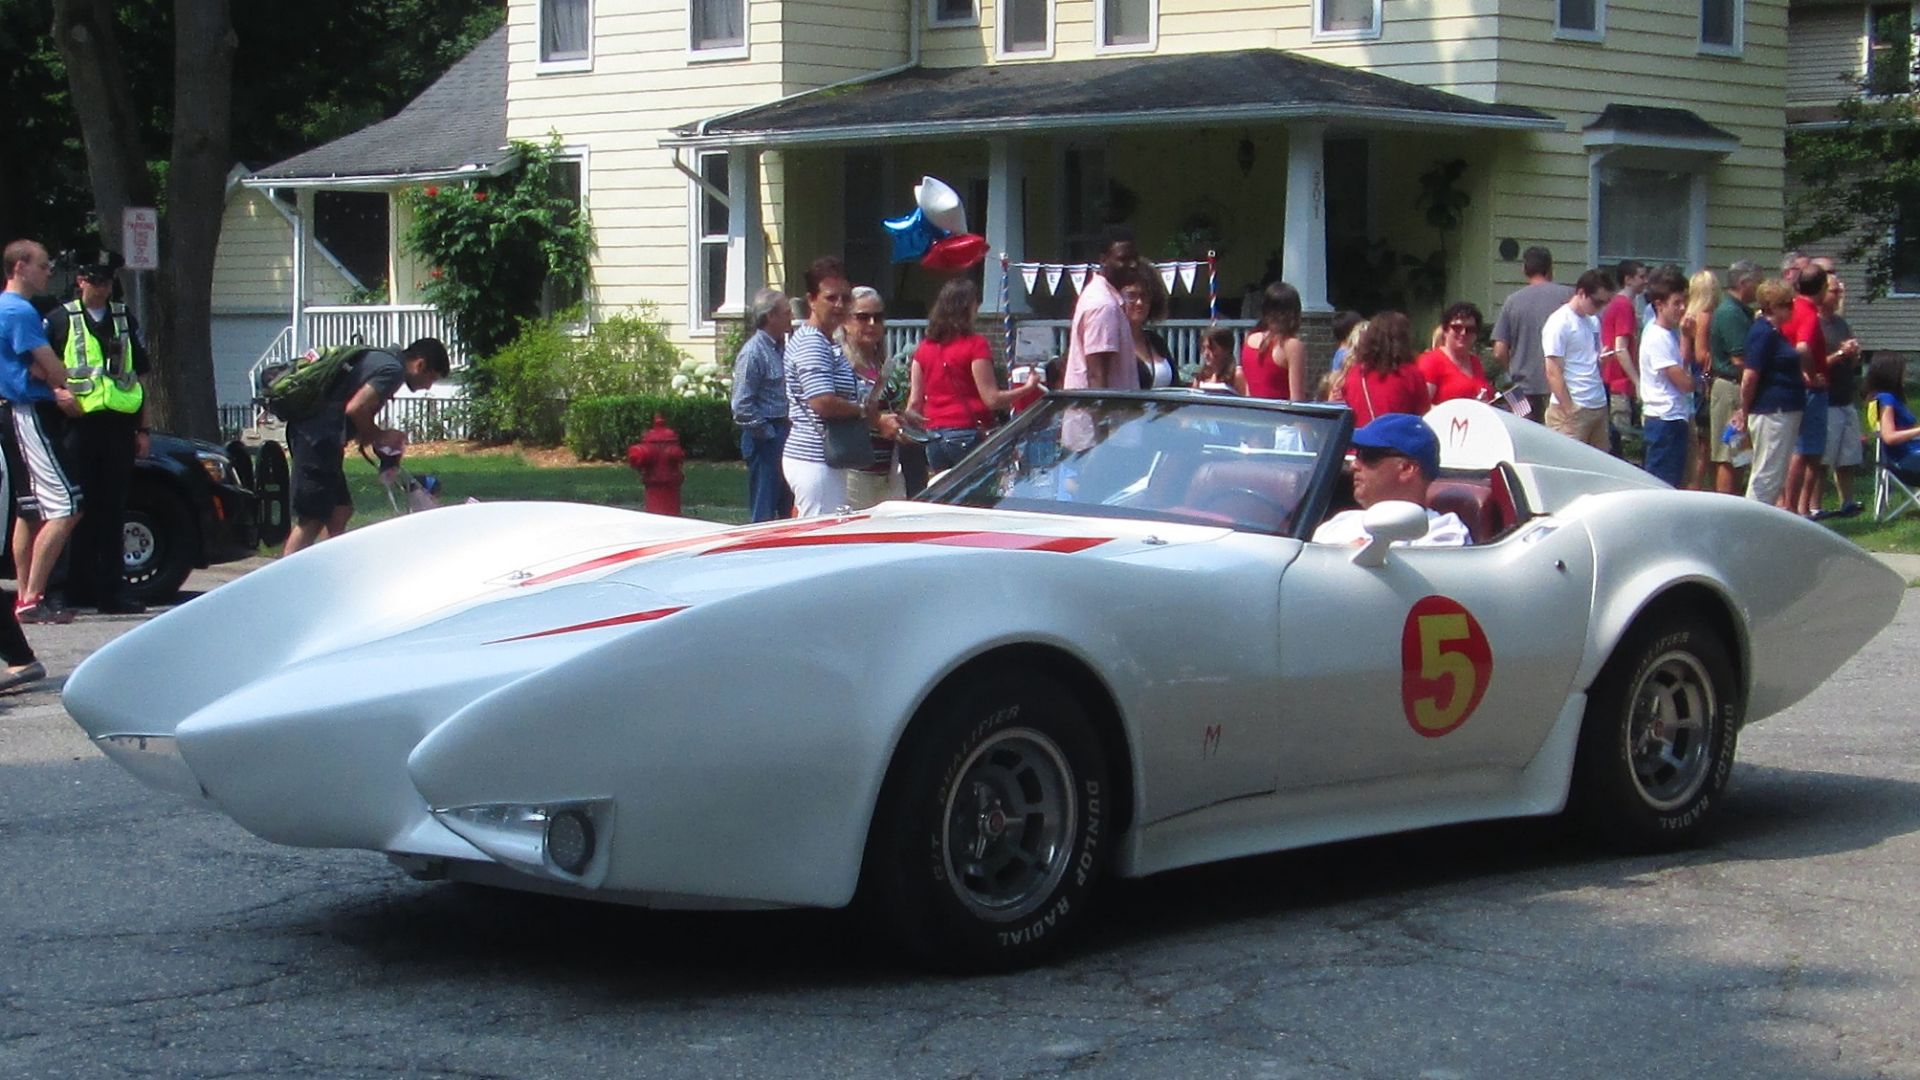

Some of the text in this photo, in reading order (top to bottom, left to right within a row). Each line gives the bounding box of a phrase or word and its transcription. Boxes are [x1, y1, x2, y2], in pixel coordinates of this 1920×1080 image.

[1450, 416, 1469, 447] M
[1413, 613, 1476, 729] 5
[1203, 723, 1222, 760] M
[997, 779, 1101, 947] DUNLOP RADIAL

______

Task goal »
A word-for-word copy of all the data is required, minus the pictures.

Response to the task »
Some of the text in this photo, in reading order (top to bottom, left to right within a row). Each line gives the bounding box of a phrase or word and its transcription. Boxes are [x1, y1, x2, y2], in pixel coordinates of this 1920×1080 image.

[1450, 416, 1469, 447] M
[1413, 613, 1476, 729] 5
[1203, 723, 1222, 760] M
[997, 779, 1101, 947] DUNLOP RADIAL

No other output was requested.